Short-term Glycemic Intervention in Diabetes With CV Disease: ACCORD, VADT, and ADVANCE

Verification that improved glycemic control reduces microvascular complications had a profound effect on treatment guidelines, but the limited CV effects were disappointing. To determine whether failure of glucose lowering to improve CV outcomes was due to low statistical power in populations with low CV risk, further studies were designed to study patients with longer duration of diabetes who had established CV disease or were at very high risk. These were the Action to Control Cardiovascular Risk in Diabetes (ACCORD) trial, the Veterans Affairs Diabetes Trial (VADT), and the Action in Diabetes and Vascular Disease: Preterax and Diamicron MR Controlled Evaluation (ADVANCE) study (5456). All reported some microvascular benefits after ∼5 years of randomized treatment, but despite including enough events, they again found no consistent reduction of CV risk. Most significantly, a 20% increase of all-cause and CV mortality occurred in the intensive arm of ACCORD (53). This too had a strong effect on clinical guidance. It is now commonly advised to avoid seeking HbA1c levels <7% in “high-risk” patients.

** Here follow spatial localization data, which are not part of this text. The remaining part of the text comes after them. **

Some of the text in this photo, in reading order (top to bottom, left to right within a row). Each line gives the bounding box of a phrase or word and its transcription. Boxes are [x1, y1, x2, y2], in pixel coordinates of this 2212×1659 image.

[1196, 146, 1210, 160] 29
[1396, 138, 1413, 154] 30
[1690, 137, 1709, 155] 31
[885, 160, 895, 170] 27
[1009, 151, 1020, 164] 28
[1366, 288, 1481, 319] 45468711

Long-term Follow-up of DCCT/EDIC and UKPDS

While ACCORD, VADT, and ADVANCE were under way, long-term passive observation of the DCCT cohort (termed the EDIC study) and continued follow-up of participants in the UKPDS added important new information. Follow-up in EDIC showed that the risk of the original composite primary CV end point was 42% lower in the previously intensively treated group than after standard therapy in the DCCT, and a composite of nonfatal MI, stroke, or CV death was reduced 57% (57). When enough deaths had occurred to provide power for analysis in EDIC, all-cause mortality was reduced by 33% (58), and the investigators have provided evidence that adjusted mortality rates in the DCCT/EDIC intensive group are no different from that of the general population in the U.S. (59). Similarly, 10 years after the 10-year randomized treatment period of the UKPDS, the intensive group using insulin or sulfonylureas had significant reductions of combined microvascular end points (24%), MI (15%), and all-cause mortality (13%) (60). The smaller intensive group using metformin had 16% (not statistically significant), 33%, and 27% reductions of the same end points.

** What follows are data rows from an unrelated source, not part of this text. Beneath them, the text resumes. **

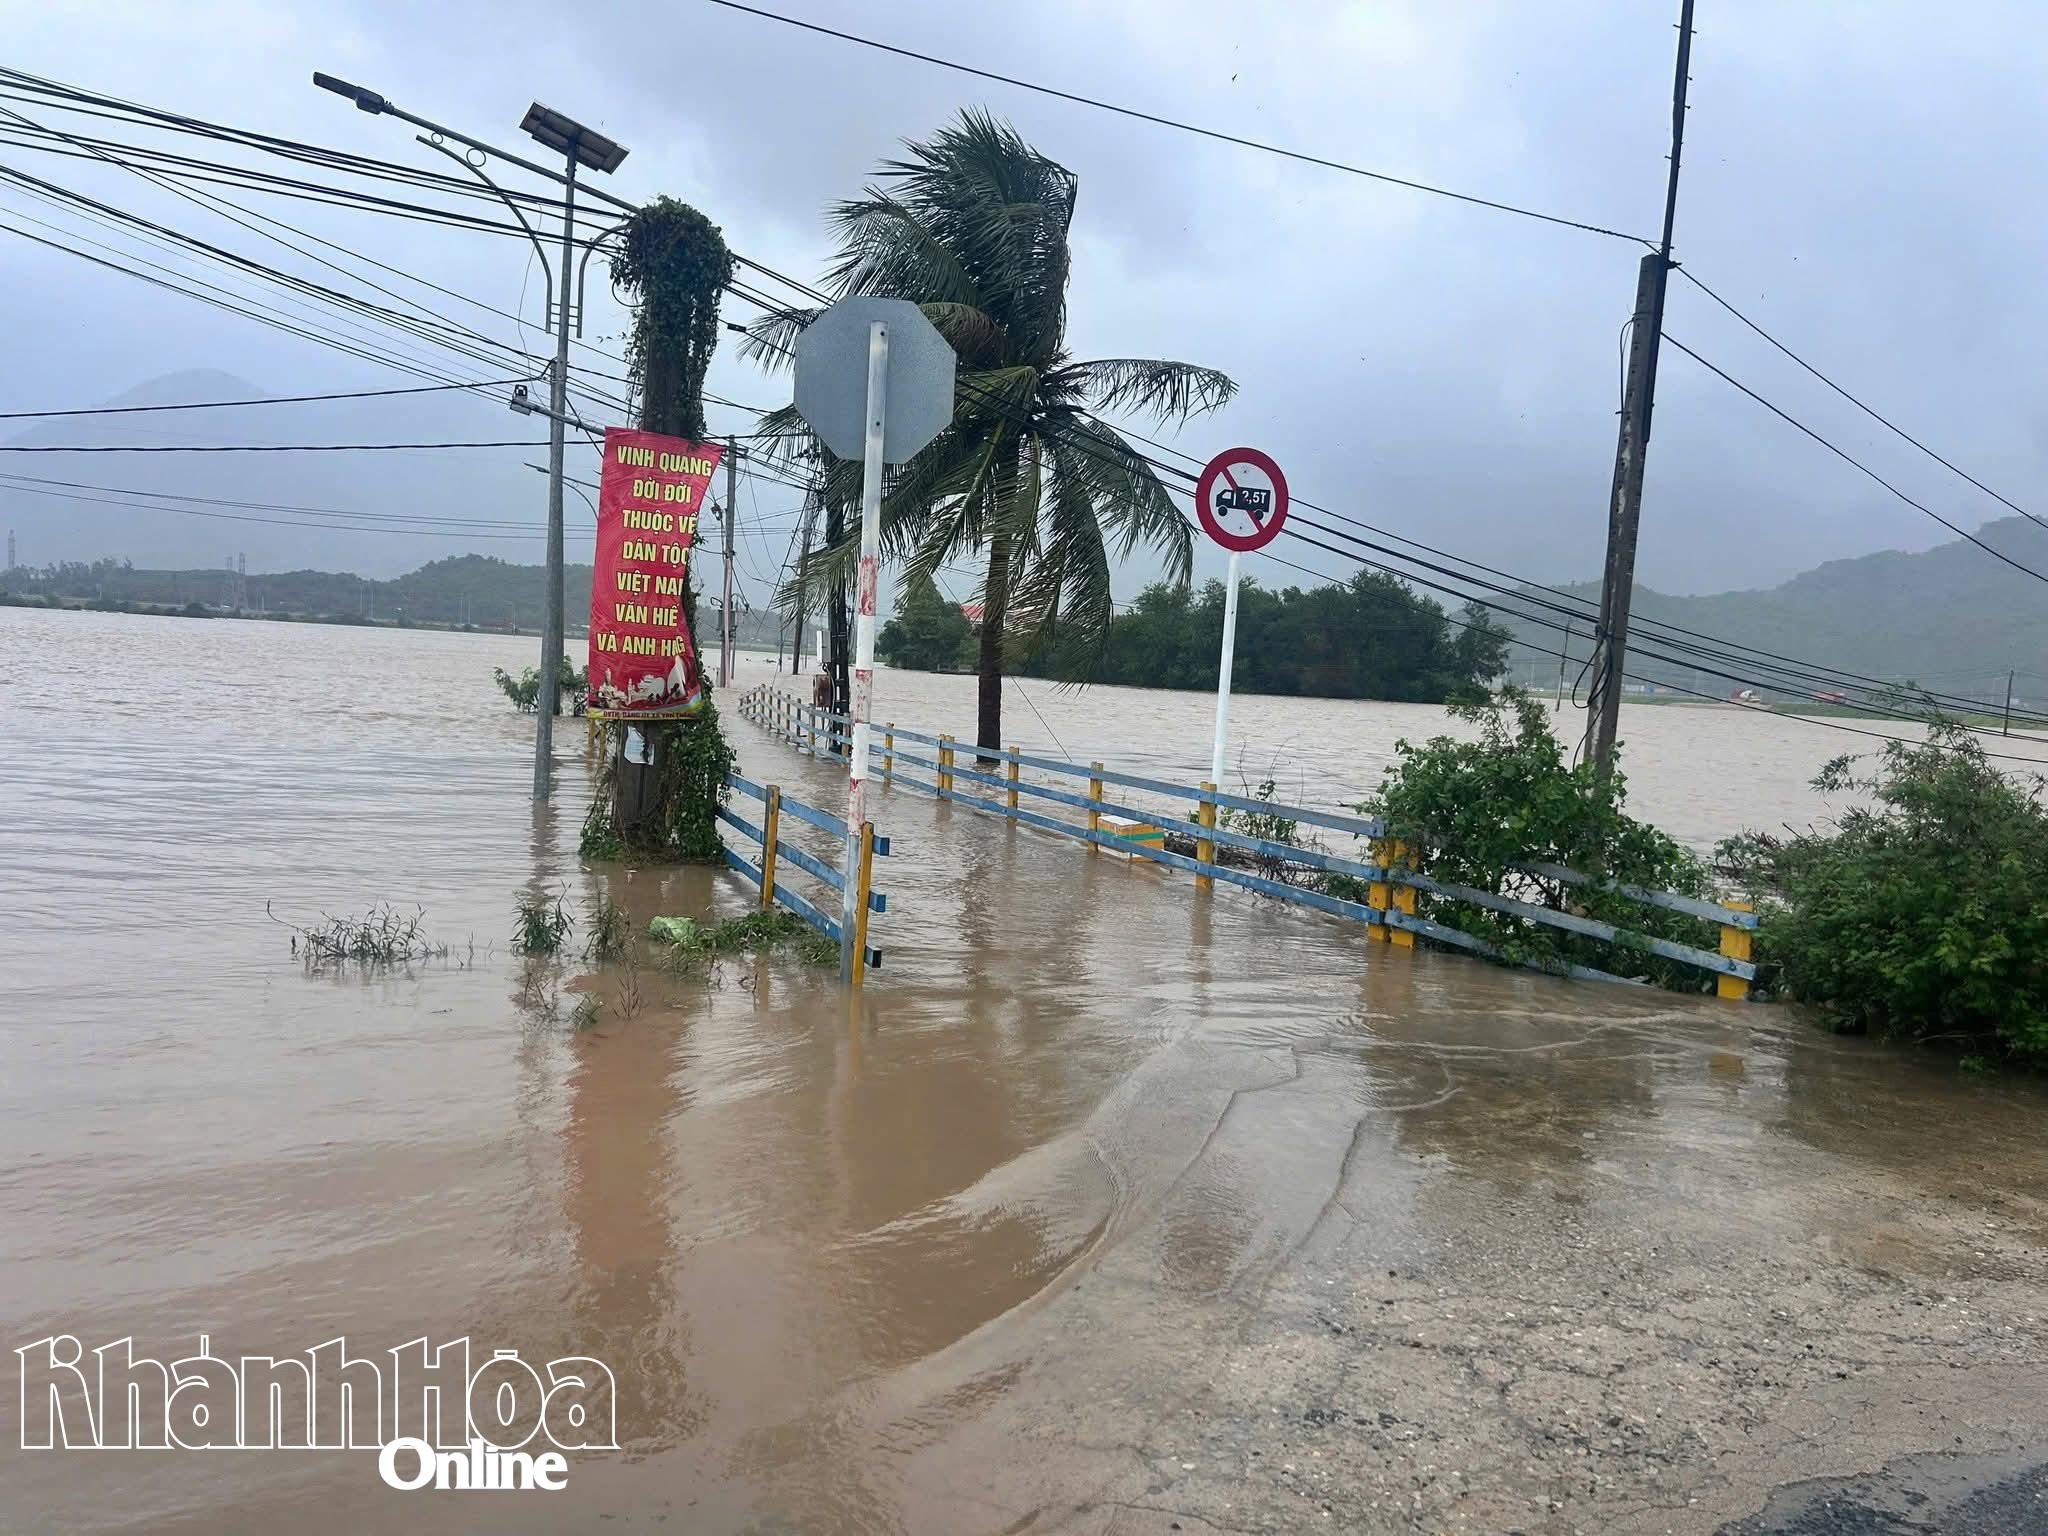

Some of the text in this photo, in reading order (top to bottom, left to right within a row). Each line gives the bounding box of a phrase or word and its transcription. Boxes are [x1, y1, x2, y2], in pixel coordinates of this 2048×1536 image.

[617, 445, 712, 477] VINH QUANG
[633, 477, 692, 504] ĐỜI ĐỜI
[622, 509, 673, 534] THUỘC
[622, 538, 657, 562] DÂN
[616, 569, 651, 596] VIỆT
[615, 601, 680, 627] VĂN HIẾ
[597, 630, 618, 652] VÀ
[622, 635, 656, 656] ANH

Although limited by problems always present in passive follow-up studies, these consistent long-term observations are highly provocative. They suggest what the investigators of these studies have termed a “legacy effect” or “metabolic memory” of prior glycemic control. That is, a 6- to 10-year period of excellent glycemic control may leave a structural imprint on vascular and other tissues, leading to clinical benefits more than 10 years later. A corollary of this idea is that a harmful legacy effect may follow an early period of poor control, causing tissue injury that cannot be reversed by improved control later on. Measures of glycemic control during the entire period of follow-up in DCCT/EDIC correlate strongly with both microvascular and CV outcomes (61,62), a finding consistent with long-lasting effects of hyperglycemia during the early period of randomized treatment. Potential mechanisms for legacy effects are irreversible changes of collagen and other molecules in blood vessels by glycation or oxidative pathways (63). Furthermore, renal disease resulting from such mechanisms may itself become an important CV risk factor.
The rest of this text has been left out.